The closure of coal plants around the world cost GE after-market maintenance business. In the U.S., tens of thousands of megawatts (MW) of coal-fired generation have been retired in recent years, and virtually no new coal-fired power plants have been built to replace those shuttered units. Development of gas-fired power plants remains a brisk business in the U.S. and abroad, but GE battles numerous global competitors for that business. New-build nuclear development has stalled in the U.S., the result of cost overruns and delays. And while renewable energy remains a growing business, declining costs likely are squeezing margins for equipment suppliers like GE. And all forms of power generation are facing competitive challenges from energy efficiency and other customer programs designed to reduce or shift electric use.
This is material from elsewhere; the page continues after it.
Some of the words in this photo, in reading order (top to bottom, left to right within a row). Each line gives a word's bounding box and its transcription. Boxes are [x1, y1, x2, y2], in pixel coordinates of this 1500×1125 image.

In its statement, GE said its staff reductions, combined with actions taken previously in 2017, will position the Power unit to reach its announced target of $1 billion in structural cost reductions in 2018. Across all its business lines, GE is seeking to lower structural costs by $3.5 billion in 2017 and 2018.
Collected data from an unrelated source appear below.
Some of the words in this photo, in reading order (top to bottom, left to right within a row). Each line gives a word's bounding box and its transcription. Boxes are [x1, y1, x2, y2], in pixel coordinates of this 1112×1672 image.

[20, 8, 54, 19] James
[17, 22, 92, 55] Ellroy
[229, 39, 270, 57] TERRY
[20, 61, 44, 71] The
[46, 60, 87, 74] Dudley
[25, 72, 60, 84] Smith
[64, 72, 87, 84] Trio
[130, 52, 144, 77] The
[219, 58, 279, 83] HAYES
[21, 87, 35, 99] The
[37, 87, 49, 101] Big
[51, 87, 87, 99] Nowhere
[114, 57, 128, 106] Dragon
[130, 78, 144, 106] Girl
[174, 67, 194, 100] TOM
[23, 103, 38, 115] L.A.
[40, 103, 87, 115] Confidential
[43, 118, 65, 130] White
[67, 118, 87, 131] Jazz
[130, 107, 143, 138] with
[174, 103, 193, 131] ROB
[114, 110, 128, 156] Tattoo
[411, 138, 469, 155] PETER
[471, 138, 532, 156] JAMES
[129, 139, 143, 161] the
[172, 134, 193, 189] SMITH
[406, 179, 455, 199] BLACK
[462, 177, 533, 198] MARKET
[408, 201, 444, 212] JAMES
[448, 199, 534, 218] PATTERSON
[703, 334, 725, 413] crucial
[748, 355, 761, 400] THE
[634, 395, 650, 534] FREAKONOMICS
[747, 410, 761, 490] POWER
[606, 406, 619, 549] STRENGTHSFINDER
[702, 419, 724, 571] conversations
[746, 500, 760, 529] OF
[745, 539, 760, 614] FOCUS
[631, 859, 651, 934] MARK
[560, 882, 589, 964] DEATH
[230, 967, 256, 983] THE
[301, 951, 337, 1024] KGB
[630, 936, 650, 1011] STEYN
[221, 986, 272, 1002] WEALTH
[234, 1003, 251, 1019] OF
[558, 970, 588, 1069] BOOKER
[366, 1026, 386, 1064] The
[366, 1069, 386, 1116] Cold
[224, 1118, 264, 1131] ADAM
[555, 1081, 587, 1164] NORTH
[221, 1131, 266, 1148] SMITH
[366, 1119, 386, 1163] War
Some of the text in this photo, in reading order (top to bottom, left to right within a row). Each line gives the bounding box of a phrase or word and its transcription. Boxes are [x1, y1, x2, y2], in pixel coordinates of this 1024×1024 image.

In the third quarter, profits fell 51% at GE Power, to $611 million, on revenue of $8.68 billion. Revenue was down 4% compared with the comparable year-earlier quarter. The company also nearly halved its overall corporate cash flow outlook to $7 billion for full-year 2017 and halved its common-stock dividend, only the second time the dividend has been cut since the Great Depression. A big part of that GE's overall financial decline stemmed from GE Power.
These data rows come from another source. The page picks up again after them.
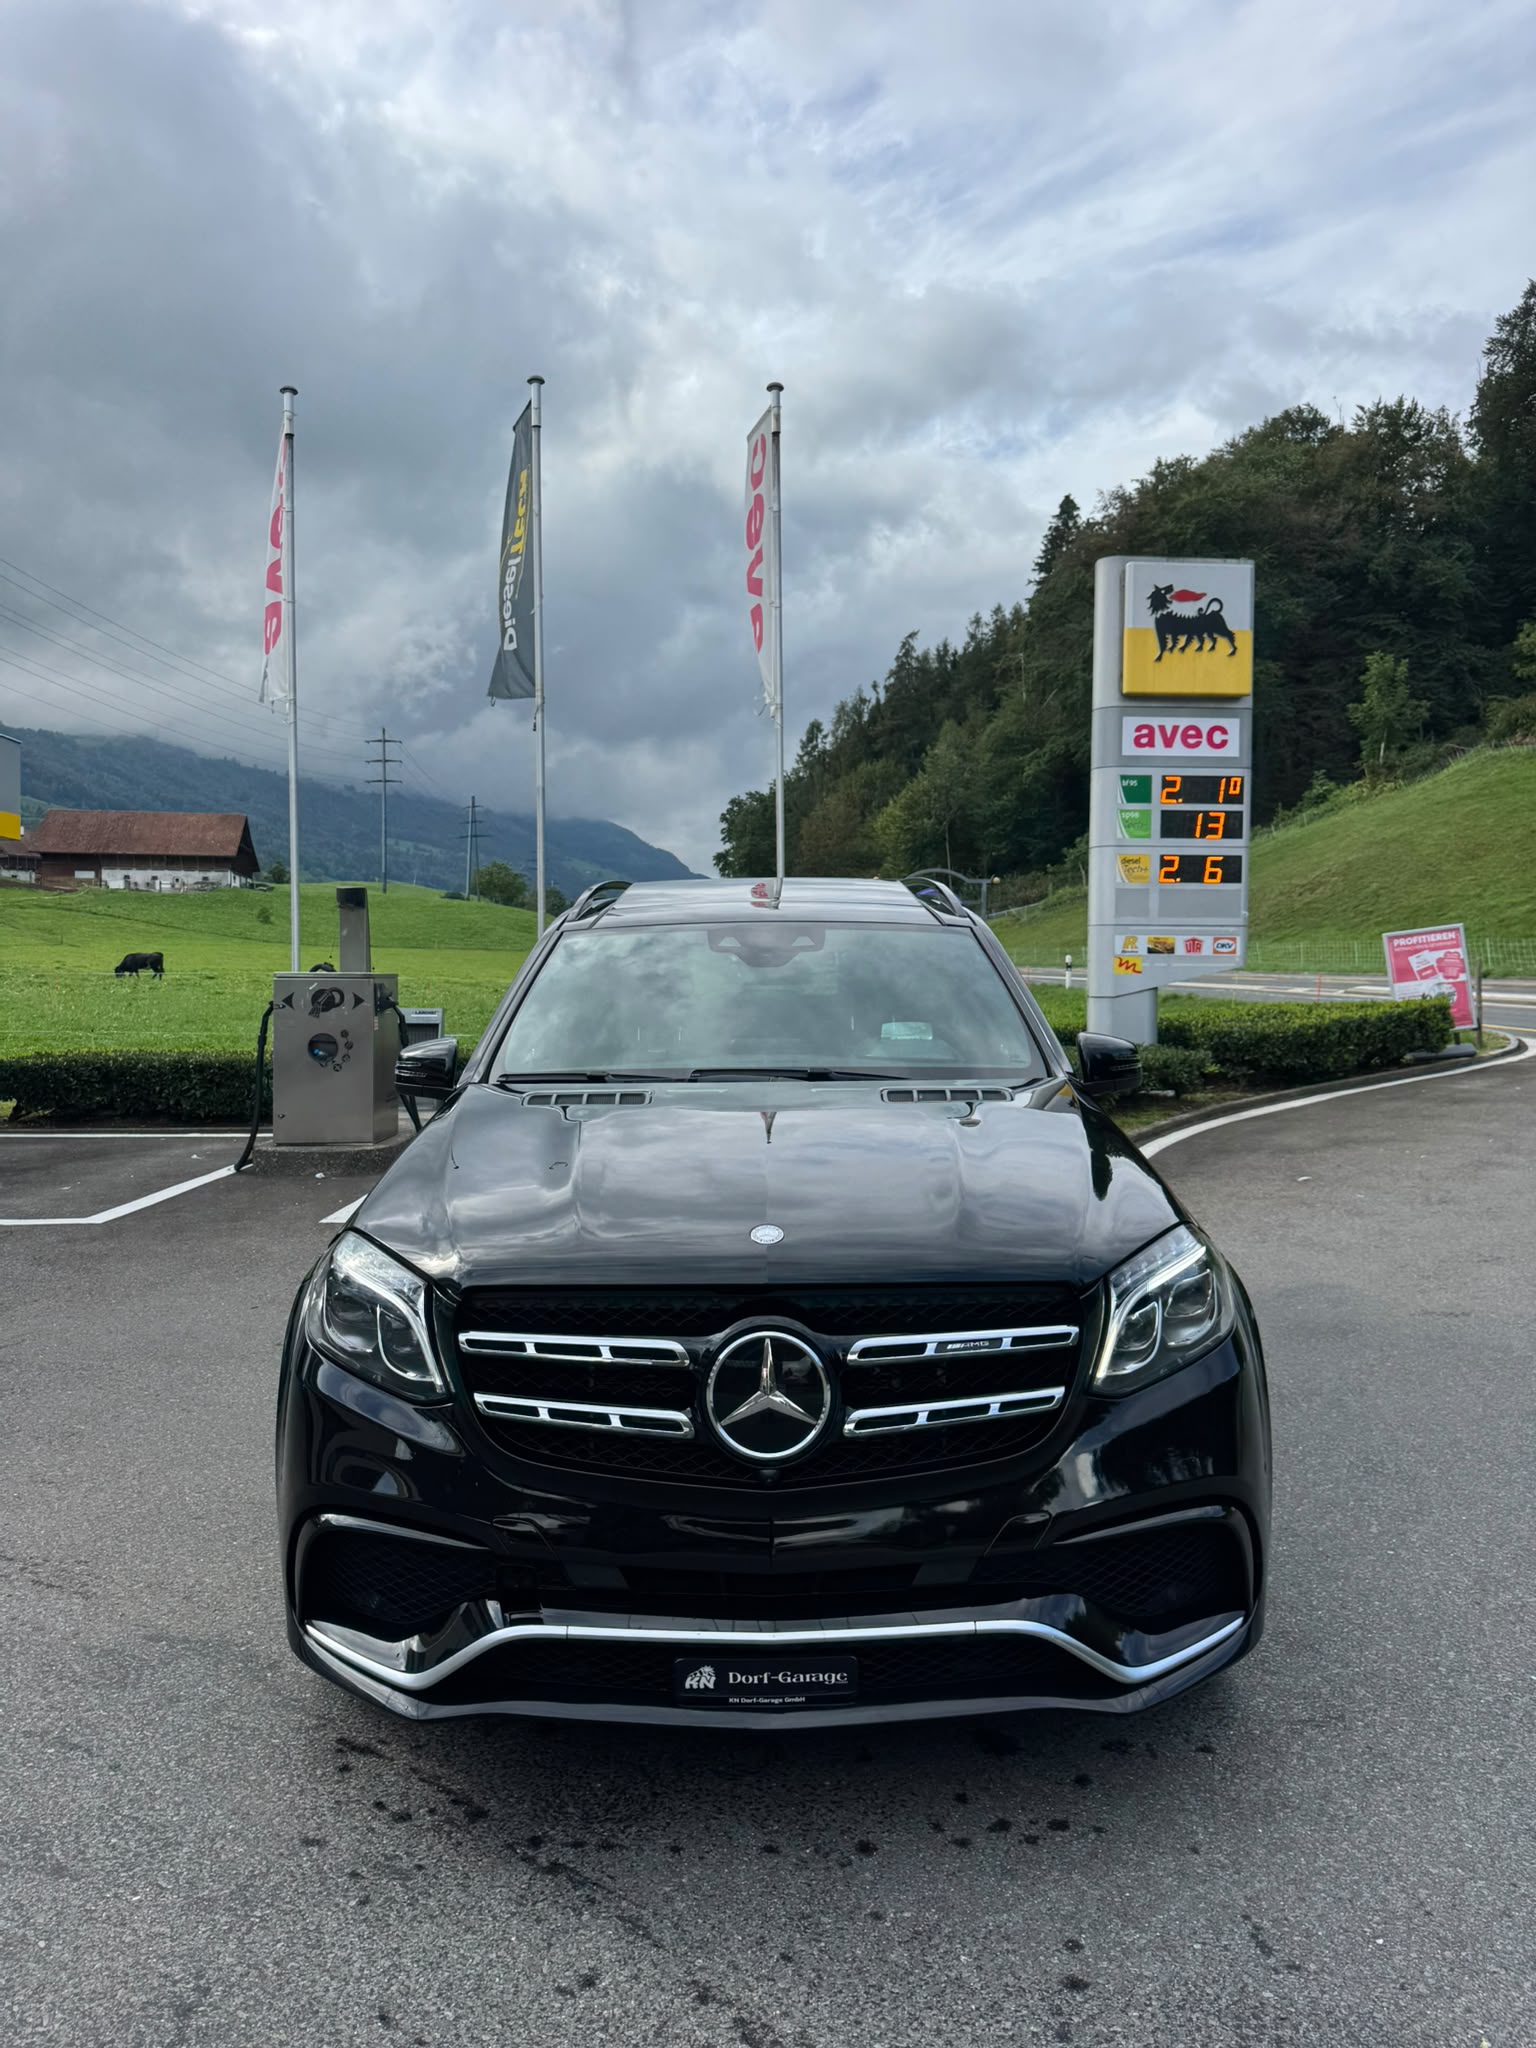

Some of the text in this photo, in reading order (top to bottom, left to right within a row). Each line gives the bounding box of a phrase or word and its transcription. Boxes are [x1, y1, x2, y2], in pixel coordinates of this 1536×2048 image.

[1133, 724, 1229, 749] avec
[1194, 812, 1226, 840] 13
[1203, 856, 1225, 884] 6
[1184, 938, 1204, 954] UTA
[1393, 931, 1456, 947] PROFITIEREN
[728, 1671, 849, 1685] Dorf-Garage
Under prior leaders Jeff Immelt and Jack Welch, GE become a much-admired global industrial and financial conglomerate, with businesses stretching from light bulbs, home appliances, power generation and television networks to aircrafts, locomotives, financial services and medical technology. But that portfolio has proven to be unwieldly in recent years, and disappointing performance hastened Immelt's departure as chairman this past October. Last month, GE's new chief executive, John Flannery, announced plans to narrow GE's portfolio.
News reports following Thursday's announcement said nearly a third of the company's 4,500-strong Swiss workforce could be cut, while 16% of staff in Germany is also likely to be axed. In Britain, about 1,100 positions will be affected. Overall, GE employed 295,000 people worldwide at the end of 2016.
One of GE's competitors, Siemens AG (Munich, Germany), recently announced it was letting about 6,900 employees go, close to 2% of its global workforce. Many of the staff cuts reportedly will be made in the company's power and gas group, which, like GE, has been coping with a reduction of fossil-fuel work and the growth of renewable energy. Siemens has a robust renewable energy group, and that unit is not expected to shrink.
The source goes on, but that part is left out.